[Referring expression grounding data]
'''

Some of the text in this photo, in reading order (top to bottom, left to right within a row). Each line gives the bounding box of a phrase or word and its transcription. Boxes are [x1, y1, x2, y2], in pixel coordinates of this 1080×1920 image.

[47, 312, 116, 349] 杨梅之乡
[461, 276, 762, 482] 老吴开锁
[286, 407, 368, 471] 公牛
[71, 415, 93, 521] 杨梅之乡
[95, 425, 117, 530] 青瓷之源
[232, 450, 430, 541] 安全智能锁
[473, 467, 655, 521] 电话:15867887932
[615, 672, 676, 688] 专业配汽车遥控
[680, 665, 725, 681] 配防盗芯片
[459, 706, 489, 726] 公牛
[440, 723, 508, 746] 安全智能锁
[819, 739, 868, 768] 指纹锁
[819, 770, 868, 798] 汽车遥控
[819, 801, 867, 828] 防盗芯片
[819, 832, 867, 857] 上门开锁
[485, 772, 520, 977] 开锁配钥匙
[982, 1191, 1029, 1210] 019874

'''

• [HOW TO COMPLETE THIS TASK]
Your job is to write out the data exactly as it stands.

• [RESPONSE]
Some of the text in this photo, in reading order (top to bottom, left to right within a row). Each line gives the bounding box of a phrase or word and its transcription. Boxes are [x1, y1, x2, y2], in pixel coordinates of this 1080×1920 image.

[47, 312, 116, 349] 杨梅之乡
[461, 276, 762, 482] 老吴开锁
[286, 407, 368, 471] 公牛
[71, 415, 93, 521] 杨梅之乡
[95, 425, 117, 530] 青瓷之源
[232, 450, 430, 541] 安全智能锁
[473, 467, 655, 521] 电话:15867887932
[615, 672, 676, 688] 专业配汽车遥控
[680, 665, 725, 681] 配防盗芯片
[459, 706, 489, 726] 公牛
[440, 723, 508, 746] 安全智能锁
[819, 739, 868, 768] 指纹锁
[819, 770, 868, 798] 汽车遥控
[819, 801, 867, 828] 防盗芯片
[819, 832, 867, 857] 上门开锁
[485, 772, 520, 977] 开锁配钥匙
[982, 1191, 1029, 1210] 019874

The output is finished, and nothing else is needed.